_WHAT IS BEING ASKED_. From the first line to the last, write out the records exactly.
◆ ◆ ◆ ◆
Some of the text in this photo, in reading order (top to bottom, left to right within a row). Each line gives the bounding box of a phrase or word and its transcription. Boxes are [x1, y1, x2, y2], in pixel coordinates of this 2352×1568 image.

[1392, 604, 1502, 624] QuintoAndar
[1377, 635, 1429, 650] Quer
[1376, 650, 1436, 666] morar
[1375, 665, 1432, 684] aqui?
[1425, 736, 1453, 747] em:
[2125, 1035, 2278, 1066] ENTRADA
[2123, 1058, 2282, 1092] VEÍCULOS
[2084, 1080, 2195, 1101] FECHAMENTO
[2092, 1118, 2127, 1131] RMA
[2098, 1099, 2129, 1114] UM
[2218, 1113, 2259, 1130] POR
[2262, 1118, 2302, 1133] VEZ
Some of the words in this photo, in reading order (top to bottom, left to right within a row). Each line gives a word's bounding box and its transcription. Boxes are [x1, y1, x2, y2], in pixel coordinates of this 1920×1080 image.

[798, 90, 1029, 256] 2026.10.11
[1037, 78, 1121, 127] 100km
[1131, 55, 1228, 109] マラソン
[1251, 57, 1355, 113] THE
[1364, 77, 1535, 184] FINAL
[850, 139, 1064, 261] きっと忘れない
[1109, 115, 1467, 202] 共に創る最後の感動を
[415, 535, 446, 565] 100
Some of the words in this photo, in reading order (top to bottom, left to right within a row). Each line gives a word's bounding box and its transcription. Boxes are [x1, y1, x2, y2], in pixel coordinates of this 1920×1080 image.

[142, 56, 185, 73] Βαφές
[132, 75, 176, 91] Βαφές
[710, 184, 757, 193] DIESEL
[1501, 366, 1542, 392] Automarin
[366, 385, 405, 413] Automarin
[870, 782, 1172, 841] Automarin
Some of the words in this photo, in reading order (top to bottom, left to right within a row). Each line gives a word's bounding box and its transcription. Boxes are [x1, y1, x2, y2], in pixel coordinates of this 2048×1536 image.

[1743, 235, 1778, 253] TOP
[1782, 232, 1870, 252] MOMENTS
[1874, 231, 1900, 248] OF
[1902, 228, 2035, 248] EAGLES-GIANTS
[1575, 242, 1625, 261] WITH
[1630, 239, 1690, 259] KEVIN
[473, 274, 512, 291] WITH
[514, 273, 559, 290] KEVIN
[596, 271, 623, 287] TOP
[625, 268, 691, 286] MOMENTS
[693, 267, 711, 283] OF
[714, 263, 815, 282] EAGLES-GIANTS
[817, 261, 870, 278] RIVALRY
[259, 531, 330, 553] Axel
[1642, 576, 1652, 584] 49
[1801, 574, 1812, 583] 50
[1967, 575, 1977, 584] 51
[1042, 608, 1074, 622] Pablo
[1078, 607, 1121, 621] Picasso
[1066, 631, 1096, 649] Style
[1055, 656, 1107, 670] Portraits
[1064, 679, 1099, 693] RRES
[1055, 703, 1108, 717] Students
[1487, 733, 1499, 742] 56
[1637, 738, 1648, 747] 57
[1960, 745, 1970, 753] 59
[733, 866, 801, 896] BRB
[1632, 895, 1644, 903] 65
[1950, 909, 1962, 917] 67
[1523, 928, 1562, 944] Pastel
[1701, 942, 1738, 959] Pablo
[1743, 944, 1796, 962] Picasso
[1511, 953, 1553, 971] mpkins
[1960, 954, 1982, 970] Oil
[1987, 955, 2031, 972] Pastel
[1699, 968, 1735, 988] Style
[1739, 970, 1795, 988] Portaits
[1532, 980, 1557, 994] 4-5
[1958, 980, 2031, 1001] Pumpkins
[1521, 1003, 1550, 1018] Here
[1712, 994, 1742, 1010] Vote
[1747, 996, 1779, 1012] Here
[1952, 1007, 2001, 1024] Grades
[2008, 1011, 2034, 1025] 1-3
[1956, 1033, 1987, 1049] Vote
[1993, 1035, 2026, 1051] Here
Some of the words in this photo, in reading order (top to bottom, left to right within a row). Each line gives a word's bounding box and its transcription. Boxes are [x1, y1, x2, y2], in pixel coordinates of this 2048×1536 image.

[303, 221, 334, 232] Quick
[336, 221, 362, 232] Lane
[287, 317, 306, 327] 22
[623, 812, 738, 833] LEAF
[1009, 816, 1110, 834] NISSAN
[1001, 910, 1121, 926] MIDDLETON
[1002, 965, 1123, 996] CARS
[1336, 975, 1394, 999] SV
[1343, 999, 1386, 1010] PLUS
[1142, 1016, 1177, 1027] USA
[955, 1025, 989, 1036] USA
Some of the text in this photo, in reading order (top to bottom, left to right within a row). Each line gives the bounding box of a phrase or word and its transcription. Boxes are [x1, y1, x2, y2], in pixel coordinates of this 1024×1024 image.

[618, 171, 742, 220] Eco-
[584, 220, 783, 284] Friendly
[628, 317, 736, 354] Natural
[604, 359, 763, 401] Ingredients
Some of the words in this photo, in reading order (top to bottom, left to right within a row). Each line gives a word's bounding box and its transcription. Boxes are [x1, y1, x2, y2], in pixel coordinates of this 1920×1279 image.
◆ ◆ ◆ ◆
_WRITTEN ANSWER_.
Some of the text in this photo, in reading order (top to bottom, left to right within a row). Each line gives the bounding box of a phrase or word and its transcription. Boxes are [x1, y1, x2, y2], in pixel coordinates of this 2352×1568 image.

[1392, 604, 1502, 624] QuintoAndar
[1377, 635, 1429, 650] Quer
[1376, 650, 1436, 666] morar
[1375, 665, 1432, 684] aqui?
[1425, 736, 1453, 747] em:
[2125, 1035, 2278, 1066] ENTRADA
[2123, 1058, 2282, 1092] VEÍCULOS
[2084, 1080, 2195, 1101] FECHAMENTO
[2092, 1118, 2127, 1131] RMA
[2098, 1099, 2129, 1114] UM
[2218, 1113, 2259, 1130] POR
[2262, 1118, 2302, 1133] VEZ
Some of the words in this photo, in reading order (top to bottom, left to right within a row). Each line gives a word's bounding box and its transcription. Boxes are [x1, y1, x2, y2], in pixel coordinates of this 1920×1080 image.

[798, 90, 1029, 256] 2026.10.11
[1037, 78, 1121, 127] 100km
[1131, 55, 1228, 109] マラソン
[1251, 57, 1355, 113] THE
[1364, 77, 1535, 184] FINAL
[850, 139, 1064, 261] きっと忘れない
[1109, 115, 1467, 202] 共に創る最後の感動を
[415, 535, 446, 565] 100
Some of the words in this photo, in reading order (top to bottom, left to right within a row). Each line gives a word's bounding box and its transcription. Boxes are [x1, y1, x2, y2], in pixel coordinates of this 1920×1080 image.

[142, 56, 185, 73] Βαφές
[132, 75, 176, 91] Βαφές
[710, 184, 757, 193] DIESEL
[1501, 366, 1542, 392] Automarin
[366, 385, 405, 413] Automarin
[870, 782, 1172, 841] Automarin
Some of the words in this photo, in reading order (top to bottom, left to right within a row). Each line gives a word's bounding box and its transcription. Boxes are [x1, y1, x2, y2], in pixel coordinates of this 2048×1536 image.

[1743, 235, 1778, 253] TOP
[1782, 232, 1870, 252] MOMENTS
[1874, 231, 1900, 248] OF
[1902, 228, 2035, 248] EAGLES-GIANTS
[1575, 242, 1625, 261] WITH
[1630, 239, 1690, 259] KEVIN
[473, 274, 512, 291] WITH
[514, 273, 559, 290] KEVIN
[596, 271, 623, 287] TOP
[625, 268, 691, 286] MOMENTS
[693, 267, 711, 283] OF
[714, 263, 815, 282] EAGLES-GIANTS
[817, 261, 870, 278] RIVALRY
[259, 531, 330, 553] Axel
[1642, 576, 1652, 584] 49
[1801, 574, 1812, 583] 50
[1967, 575, 1977, 584] 51
[1042, 608, 1074, 622] Pablo
[1078, 607, 1121, 621] Picasso
[1066, 631, 1096, 649] Style
[1055, 656, 1107, 670] Portraits
[1064, 679, 1099, 693] RRES
[1055, 703, 1108, 717] Students
[1487, 733, 1499, 742] 56
[1637, 738, 1648, 747] 57
[1960, 745, 1970, 753] 59
[733, 866, 801, 896] BRB
[1632, 895, 1644, 903] 65
[1950, 909, 1962, 917] 67
[1523, 928, 1562, 944] Pastel
[1701, 942, 1738, 959] Pablo
[1743, 944, 1796, 962] Picasso
[1511, 953, 1553, 971] mpkins
[1960, 954, 1982, 970] Oil
[1987, 955, 2031, 972] Pastel
[1699, 968, 1735, 988] Style
[1739, 970, 1795, 988] Portaits
[1532, 980, 1557, 994] 4-5
[1958, 980, 2031, 1001] Pumpkins
[1521, 1003, 1550, 1018] Here
[1712, 994, 1742, 1010] Vote
[1747, 996, 1779, 1012] Here
[1952, 1007, 2001, 1024] Grades
[2008, 1011, 2034, 1025] 1-3
[1956, 1033, 1987, 1049] Vote
[1993, 1035, 2026, 1051] Here
Some of the words in this photo, in reading order (top to bottom, left to right within a row). Each line gives a word's bounding box and its transcription. Boxes are [x1, y1, x2, y2], in pixel coordinates of this 2048×1536 image.

[303, 221, 334, 232] Quick
[336, 221, 362, 232] Lane
[287, 317, 306, 327] 22
[623, 812, 738, 833] LEAF
[1009, 816, 1110, 834] NISSAN
[1001, 910, 1121, 926] MIDDLETON
[1002, 965, 1123, 996] CARS
[1336, 975, 1394, 999] SV
[1343, 999, 1386, 1010] PLUS
[1142, 1016, 1177, 1027] USA
[955, 1025, 989, 1036] USA
Some of the text in this photo, in reading order (top to bottom, left to right within a row). Each line gives the bounding box of a phrase or word and its transcription. Boxes are [x1, y1, x2, y2], in pixel coordinates of this 1024×1024 image.

[618, 171, 742, 220] Eco-
[584, 220, 783, 284] Friendly
[628, 317, 736, 354] Natural
[604, 359, 763, 401] Ingredients
Some of the words in this photo, in reading order (top to bottom, left to right within a row). Each line gives a word's bounding box and its transcription. Boxes are [x1, y1, x2, y2], in pixel coordinates of this 1920×1279 image.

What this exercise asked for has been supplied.